Ein Hauch von Eurovision-Songcontest
Benjamin Bruns gibt den Gehilfen David als eine Art Riesenbaby. Dessen
tumber Habitus steht im Gegensatz zur stimmlichen Souveränität und sorgt in
diesem Kontrast immer wieder für Überraschungen. Ein Höhepunkt ist sicher
das Ende des 2. Aktes. Mittlerweile befinden wir uns zwischen zwei
gammeligen Häuserblocks mit schiefen Rollläden. Im Vordergrund steht ein
Kastenwagen, die mobile Schusterwerkstatt von Hans Sachs. Das "open"- Schild
flackert im Rhythmus der Musik. Beckmesser hat sich auf einer Hebebühne vor
das Fenster der angebeteten Eva gefahren. Er trällert zur Ukulele und zum
Klopfen von Hans Sachs' Hammer seine Ballade. Als dann silbrig-glitzernde
Schnipsel, eine Lichterkette und Nebel den Sänger umhüllen, fehlt zur
Qualifikation für den Eurovision-Songcontest nicht mehr viel. Die
Nachbarschaft hält nichts von der Singerei mitten in der Nacht. Schnell wird
aus der wohlgemeinten Serenade eine Pyjamaprügelei. Mit einer Chorfuge gerät
schließlich alles aus den Fugen und Beckmesser wird windelweich gehauen.
Mit subtilem Humor gegen Deutschtümelei
Die
spartanische Inszenierung von David Bösch, der Verzicht auf bayerischen
Landhauscharme, der reduzierte Einsatz von Gags - das alles lässt viel Raum
für die Musik, die dafür umso deutlicher wahrgenommen wird.

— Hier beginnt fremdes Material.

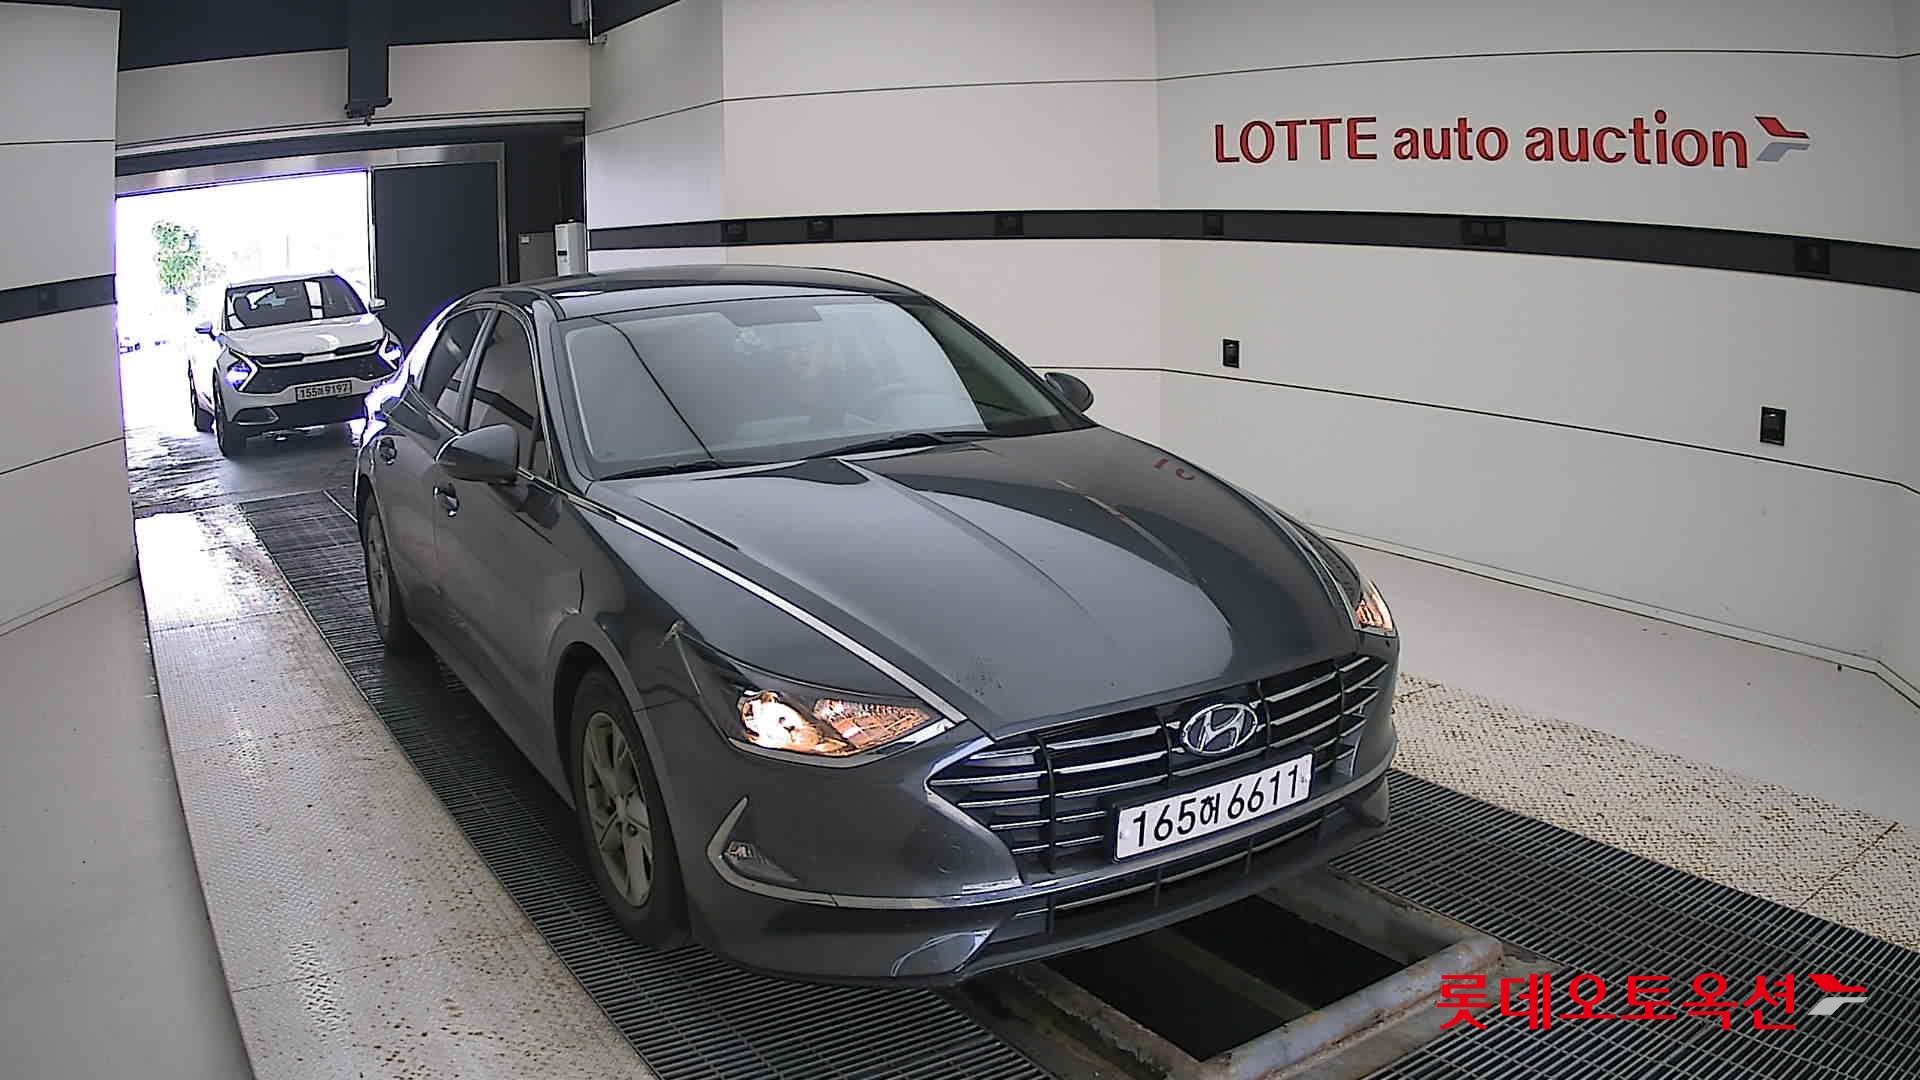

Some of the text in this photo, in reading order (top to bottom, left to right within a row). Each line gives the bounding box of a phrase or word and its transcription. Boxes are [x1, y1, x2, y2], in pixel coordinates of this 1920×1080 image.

[1215, 110, 1748, 169] LOTTE auto auction
[1133, 764, 1298, 847] 165허6611

Feinsinnig wie
bei einem Feininger-Gemälde schichtet Petrenko die Klangfarben als
hauchdünne Glasscheiben übereinander. Und selbst in der Schlussszene, als
Wagners Text vor Deutschtum nur so strotzt, verliert Bösch nicht seinen
subtilen Humor. Der sturzbetrunkene Gehilfe von Hans Sachs übergibt sich in
den Meistersingerpokal - ein Statement, das man zum Thema "Nationalismus"

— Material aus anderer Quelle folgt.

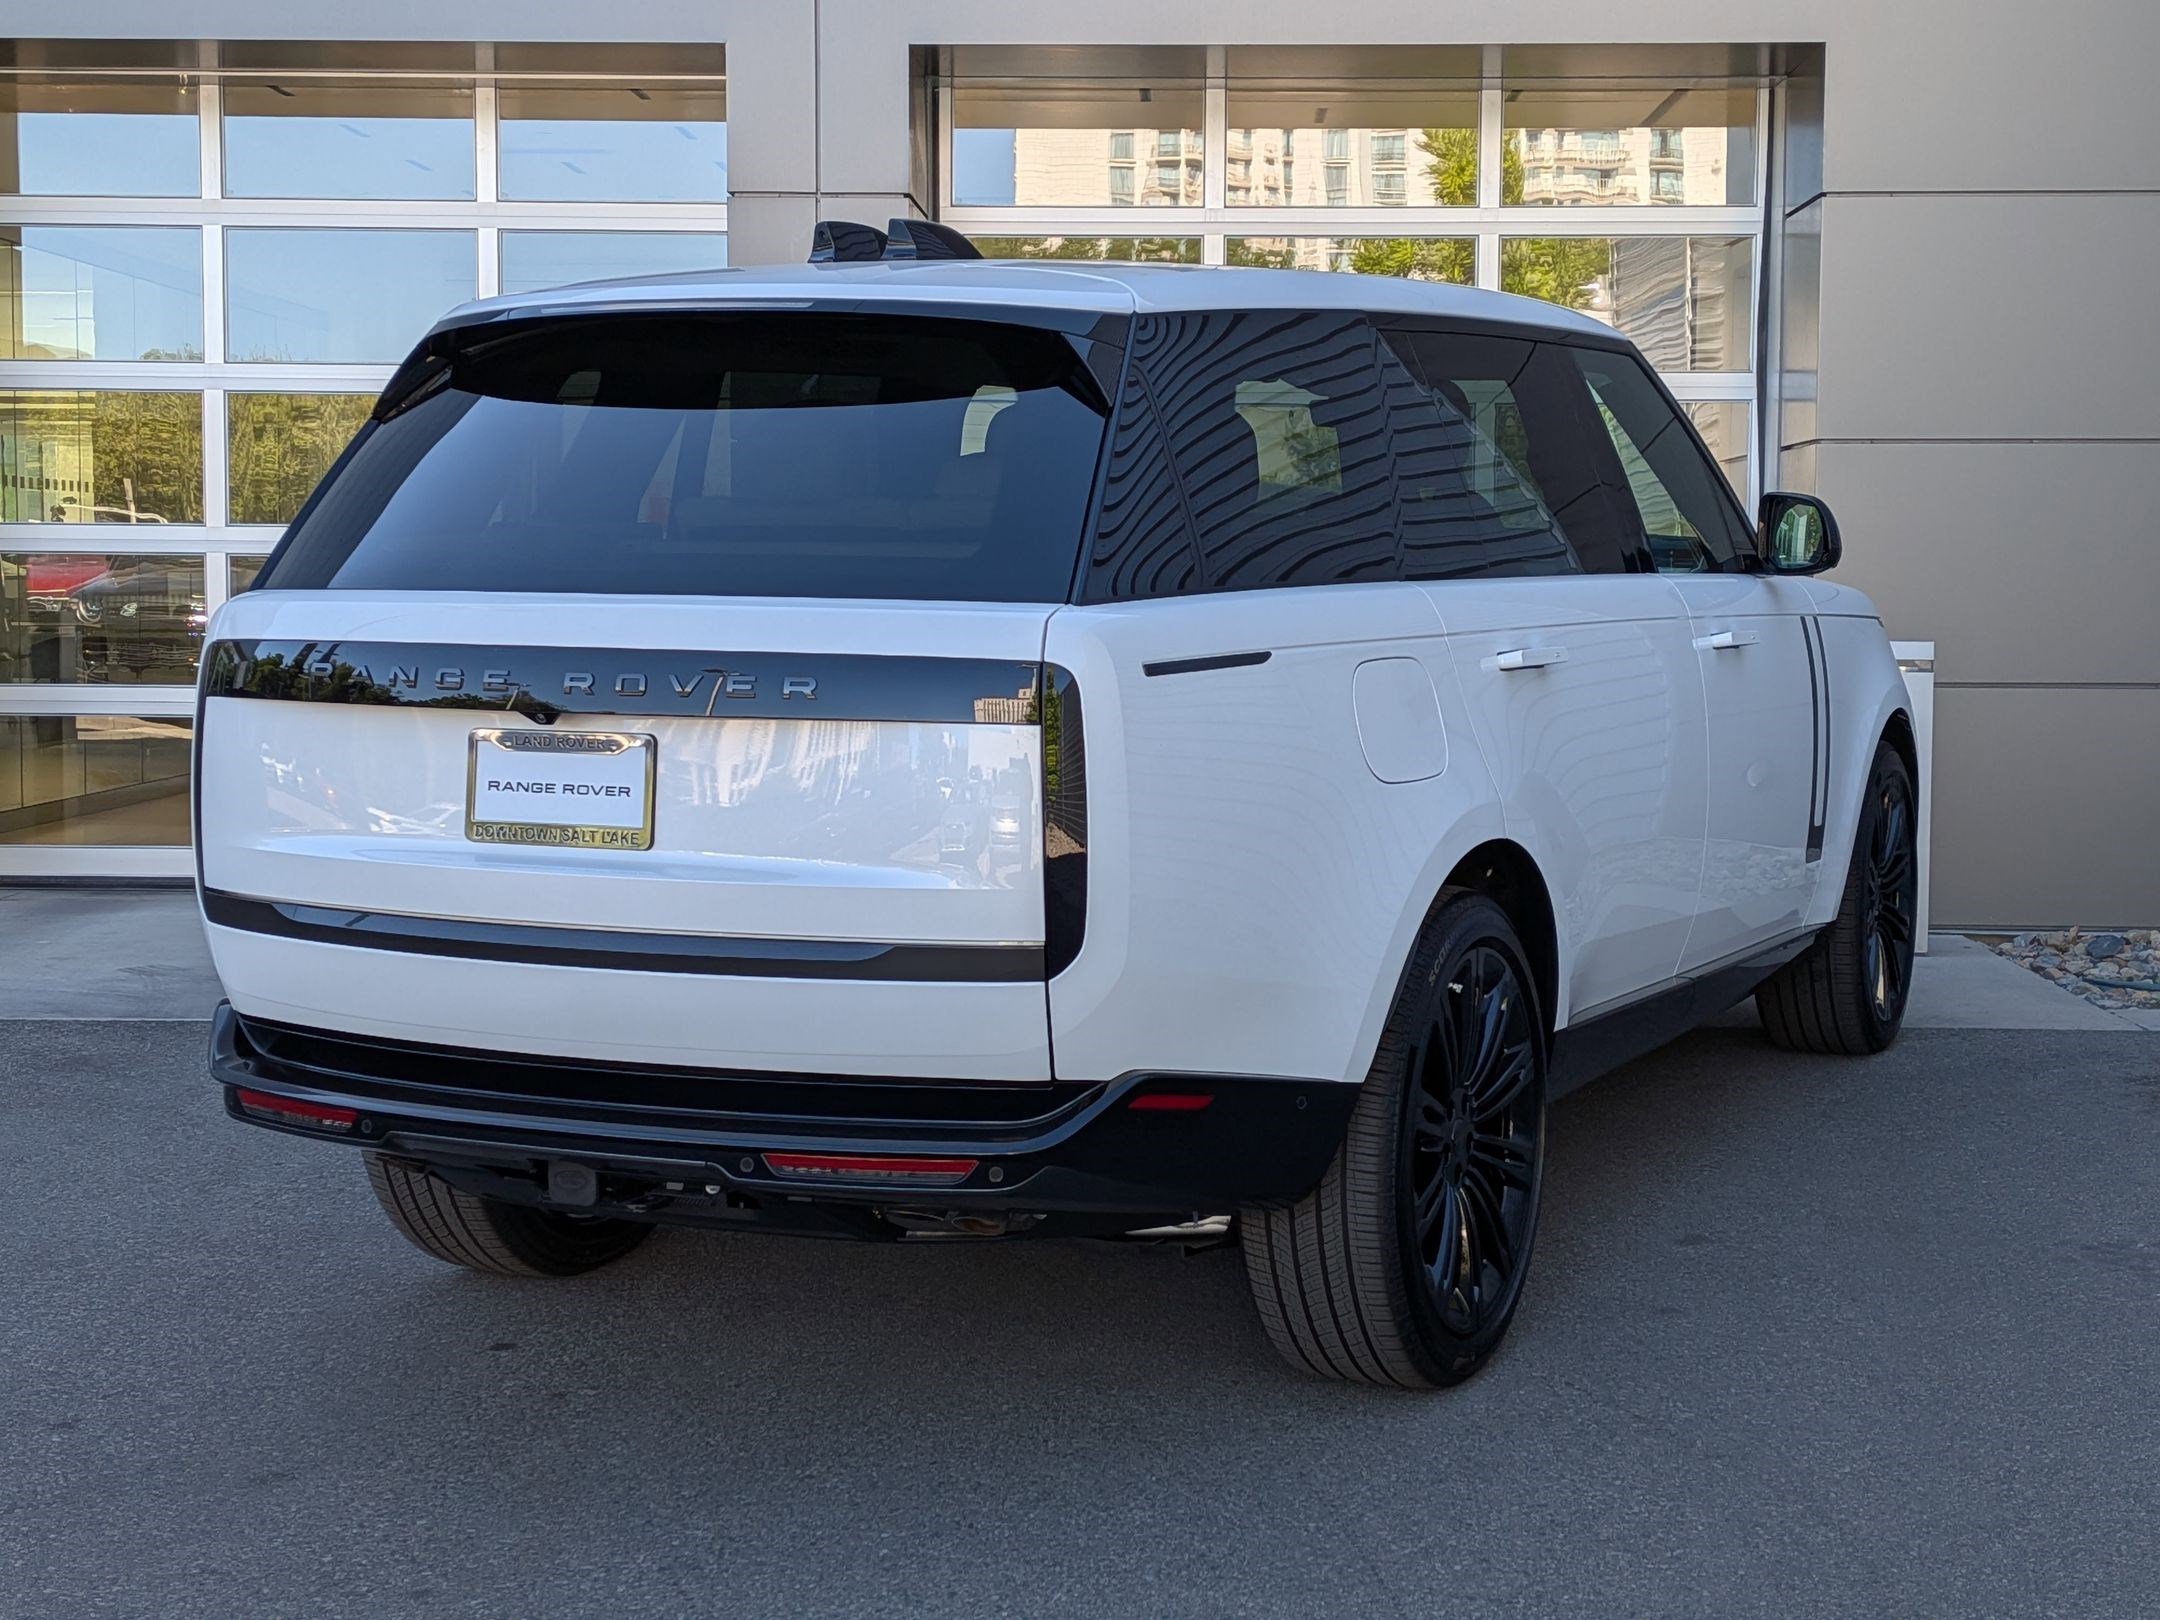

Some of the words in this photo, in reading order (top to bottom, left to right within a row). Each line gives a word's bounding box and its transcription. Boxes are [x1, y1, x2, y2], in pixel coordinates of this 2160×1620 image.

[309, 661, 512, 692] RANGE
[563, 671, 818, 700] ROVER
[513, 735, 551, 748] LAND
[556, 736, 606, 749] ROVER
[487, 780, 557, 794] RANGE
[562, 783, 632, 798] ROVER
[474, 824, 559, 842] DOWNTOWN
[561, 829, 598, 844] SALT
[601, 831, 641, 846] LAKE

durchaus wörtlich nehmen kann. Beckmesser gibt sich die Kugel. Und Stolzing
hat zwar den Meistersingertitel ergattert und damit auch Eva. Aber auf den
Titel verzichtet er doch lieber und stolziert davon. Buhs für die Regie
Das Regieteam musste einige Buhs einstecken. Tosenden Applaus gab es vor
allem für Jonas Kaufmann, Wolfgang Koch und Kirill Petrenko.